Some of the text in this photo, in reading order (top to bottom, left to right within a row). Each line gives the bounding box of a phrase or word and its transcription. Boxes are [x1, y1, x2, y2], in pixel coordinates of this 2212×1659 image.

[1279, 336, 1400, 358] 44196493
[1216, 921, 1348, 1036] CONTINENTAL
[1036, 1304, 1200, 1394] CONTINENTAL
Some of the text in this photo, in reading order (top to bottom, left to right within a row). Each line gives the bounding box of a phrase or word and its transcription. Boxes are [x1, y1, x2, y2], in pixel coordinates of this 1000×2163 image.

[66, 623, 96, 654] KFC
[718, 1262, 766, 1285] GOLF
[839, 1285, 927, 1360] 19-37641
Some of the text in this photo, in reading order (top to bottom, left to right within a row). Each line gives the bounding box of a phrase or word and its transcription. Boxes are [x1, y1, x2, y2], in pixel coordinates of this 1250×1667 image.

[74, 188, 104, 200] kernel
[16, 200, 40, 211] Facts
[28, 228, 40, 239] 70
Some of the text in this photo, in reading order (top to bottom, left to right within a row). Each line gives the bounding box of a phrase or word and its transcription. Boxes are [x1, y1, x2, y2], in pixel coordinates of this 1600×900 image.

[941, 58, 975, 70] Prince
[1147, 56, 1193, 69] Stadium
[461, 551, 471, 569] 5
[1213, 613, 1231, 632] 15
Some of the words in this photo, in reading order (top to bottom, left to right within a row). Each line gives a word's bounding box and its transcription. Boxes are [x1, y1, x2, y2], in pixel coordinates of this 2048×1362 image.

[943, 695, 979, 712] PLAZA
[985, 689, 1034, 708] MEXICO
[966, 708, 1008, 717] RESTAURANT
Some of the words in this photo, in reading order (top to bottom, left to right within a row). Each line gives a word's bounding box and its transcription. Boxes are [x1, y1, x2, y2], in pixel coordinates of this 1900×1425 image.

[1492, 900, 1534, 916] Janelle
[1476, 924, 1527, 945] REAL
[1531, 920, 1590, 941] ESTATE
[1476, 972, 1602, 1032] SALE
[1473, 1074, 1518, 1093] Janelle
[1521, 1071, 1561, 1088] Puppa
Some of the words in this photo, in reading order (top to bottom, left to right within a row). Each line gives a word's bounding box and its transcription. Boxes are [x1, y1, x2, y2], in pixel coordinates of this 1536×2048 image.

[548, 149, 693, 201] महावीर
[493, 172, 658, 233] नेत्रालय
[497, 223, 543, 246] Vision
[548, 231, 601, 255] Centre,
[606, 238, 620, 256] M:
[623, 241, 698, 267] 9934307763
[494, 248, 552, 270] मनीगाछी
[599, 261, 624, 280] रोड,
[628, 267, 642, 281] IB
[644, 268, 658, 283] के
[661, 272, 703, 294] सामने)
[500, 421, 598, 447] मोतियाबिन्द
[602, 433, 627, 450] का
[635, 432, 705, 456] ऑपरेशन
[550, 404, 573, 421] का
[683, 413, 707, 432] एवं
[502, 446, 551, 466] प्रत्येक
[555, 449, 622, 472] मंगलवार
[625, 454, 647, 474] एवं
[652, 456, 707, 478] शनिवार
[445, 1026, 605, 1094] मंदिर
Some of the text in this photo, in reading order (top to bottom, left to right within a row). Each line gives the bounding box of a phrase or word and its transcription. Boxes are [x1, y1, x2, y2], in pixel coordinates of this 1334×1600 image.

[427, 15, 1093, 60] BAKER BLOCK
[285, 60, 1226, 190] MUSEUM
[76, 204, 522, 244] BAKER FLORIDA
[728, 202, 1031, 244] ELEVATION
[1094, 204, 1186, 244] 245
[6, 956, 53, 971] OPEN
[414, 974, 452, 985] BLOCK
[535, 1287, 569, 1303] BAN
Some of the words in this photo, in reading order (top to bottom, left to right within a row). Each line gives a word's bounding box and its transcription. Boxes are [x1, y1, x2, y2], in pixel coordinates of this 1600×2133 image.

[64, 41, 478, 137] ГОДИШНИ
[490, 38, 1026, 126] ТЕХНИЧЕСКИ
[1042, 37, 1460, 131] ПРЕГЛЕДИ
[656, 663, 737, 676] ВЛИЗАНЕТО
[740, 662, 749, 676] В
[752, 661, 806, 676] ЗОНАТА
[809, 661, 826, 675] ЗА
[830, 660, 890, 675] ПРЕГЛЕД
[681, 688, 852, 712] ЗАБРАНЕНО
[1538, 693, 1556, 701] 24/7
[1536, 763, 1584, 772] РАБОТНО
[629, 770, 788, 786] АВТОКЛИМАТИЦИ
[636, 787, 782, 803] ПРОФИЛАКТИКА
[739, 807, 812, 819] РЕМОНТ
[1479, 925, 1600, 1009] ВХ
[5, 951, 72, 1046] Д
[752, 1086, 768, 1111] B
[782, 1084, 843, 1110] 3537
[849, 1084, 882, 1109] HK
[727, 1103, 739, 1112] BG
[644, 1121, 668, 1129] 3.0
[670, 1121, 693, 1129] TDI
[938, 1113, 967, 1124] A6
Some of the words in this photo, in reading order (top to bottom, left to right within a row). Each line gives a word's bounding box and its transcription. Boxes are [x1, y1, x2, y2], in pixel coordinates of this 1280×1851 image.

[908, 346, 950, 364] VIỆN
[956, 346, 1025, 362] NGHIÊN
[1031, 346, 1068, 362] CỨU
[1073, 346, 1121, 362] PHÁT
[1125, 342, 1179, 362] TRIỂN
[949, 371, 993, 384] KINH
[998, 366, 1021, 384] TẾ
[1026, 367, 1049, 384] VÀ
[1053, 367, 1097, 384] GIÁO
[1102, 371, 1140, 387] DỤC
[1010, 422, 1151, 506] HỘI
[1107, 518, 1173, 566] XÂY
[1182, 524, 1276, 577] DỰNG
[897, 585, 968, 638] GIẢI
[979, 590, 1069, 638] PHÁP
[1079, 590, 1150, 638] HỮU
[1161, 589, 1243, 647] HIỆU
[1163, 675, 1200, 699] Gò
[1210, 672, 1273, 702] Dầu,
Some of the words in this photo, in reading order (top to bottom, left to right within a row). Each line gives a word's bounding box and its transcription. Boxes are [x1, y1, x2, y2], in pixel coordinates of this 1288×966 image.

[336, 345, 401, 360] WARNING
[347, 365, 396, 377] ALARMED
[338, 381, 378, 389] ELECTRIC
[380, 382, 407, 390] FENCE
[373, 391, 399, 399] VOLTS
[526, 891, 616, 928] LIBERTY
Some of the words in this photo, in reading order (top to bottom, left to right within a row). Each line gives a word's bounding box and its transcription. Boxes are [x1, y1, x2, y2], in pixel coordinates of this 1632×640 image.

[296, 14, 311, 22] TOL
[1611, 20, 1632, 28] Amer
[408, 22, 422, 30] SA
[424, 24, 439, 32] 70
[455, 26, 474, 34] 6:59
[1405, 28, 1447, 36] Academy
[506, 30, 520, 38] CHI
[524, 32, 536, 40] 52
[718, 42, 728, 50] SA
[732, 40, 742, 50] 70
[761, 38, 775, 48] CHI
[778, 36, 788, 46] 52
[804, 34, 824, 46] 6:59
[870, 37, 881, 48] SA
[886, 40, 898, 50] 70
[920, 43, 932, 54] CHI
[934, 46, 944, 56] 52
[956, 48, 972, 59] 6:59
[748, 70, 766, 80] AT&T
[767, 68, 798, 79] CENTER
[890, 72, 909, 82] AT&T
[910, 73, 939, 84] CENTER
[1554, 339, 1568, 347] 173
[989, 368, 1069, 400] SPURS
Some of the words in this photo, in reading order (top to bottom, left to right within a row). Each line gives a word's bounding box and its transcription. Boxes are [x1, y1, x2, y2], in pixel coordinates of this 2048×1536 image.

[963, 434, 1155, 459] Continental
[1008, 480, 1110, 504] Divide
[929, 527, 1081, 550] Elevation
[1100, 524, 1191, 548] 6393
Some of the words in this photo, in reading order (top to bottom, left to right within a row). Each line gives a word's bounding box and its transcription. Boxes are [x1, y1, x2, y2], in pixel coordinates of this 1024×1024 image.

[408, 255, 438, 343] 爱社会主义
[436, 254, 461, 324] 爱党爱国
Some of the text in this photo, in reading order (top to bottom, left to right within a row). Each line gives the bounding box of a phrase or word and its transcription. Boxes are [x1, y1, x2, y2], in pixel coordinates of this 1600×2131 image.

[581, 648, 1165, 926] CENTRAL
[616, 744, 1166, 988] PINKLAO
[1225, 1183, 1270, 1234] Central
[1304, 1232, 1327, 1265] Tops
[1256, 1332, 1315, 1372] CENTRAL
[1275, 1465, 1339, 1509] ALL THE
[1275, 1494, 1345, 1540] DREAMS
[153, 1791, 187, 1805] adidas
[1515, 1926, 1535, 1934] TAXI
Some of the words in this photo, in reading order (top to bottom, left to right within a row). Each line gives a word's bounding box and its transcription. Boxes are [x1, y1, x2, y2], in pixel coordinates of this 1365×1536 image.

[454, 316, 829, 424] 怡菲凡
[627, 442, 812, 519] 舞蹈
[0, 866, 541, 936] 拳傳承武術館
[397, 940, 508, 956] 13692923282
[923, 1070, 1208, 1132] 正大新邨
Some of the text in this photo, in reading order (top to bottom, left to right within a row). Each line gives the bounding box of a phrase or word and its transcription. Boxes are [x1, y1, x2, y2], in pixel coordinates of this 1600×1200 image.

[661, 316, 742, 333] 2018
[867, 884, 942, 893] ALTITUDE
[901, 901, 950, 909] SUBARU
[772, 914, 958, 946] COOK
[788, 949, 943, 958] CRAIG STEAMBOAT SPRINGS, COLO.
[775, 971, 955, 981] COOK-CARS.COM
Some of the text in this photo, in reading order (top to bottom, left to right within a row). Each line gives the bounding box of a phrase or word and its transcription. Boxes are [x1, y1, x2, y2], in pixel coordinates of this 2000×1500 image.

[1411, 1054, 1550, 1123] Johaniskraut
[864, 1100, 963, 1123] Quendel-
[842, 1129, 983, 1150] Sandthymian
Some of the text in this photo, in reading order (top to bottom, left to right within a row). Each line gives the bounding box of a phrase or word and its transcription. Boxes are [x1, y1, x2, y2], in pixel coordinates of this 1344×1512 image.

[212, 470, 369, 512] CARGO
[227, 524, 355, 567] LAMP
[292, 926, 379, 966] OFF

*TO DO*. Copy exactly the lines running from the one that holds "this 1344×1512 image." to the last line of the listing above. Include both of those lines.

*YOUR SOLUTION*.
Some of the text in this photo, in reading order (top to bottom, left to right within a row). Each line gives the bounding box of a phrase or word and its transcription. Boxes are [x1, y1, x2, y2], in pixel coordinates of this 1344×1512 image.

[212, 470, 369, 512] CARGO
[227, 524, 355, 567] LAMP
[292, 926, 379, 966] OFF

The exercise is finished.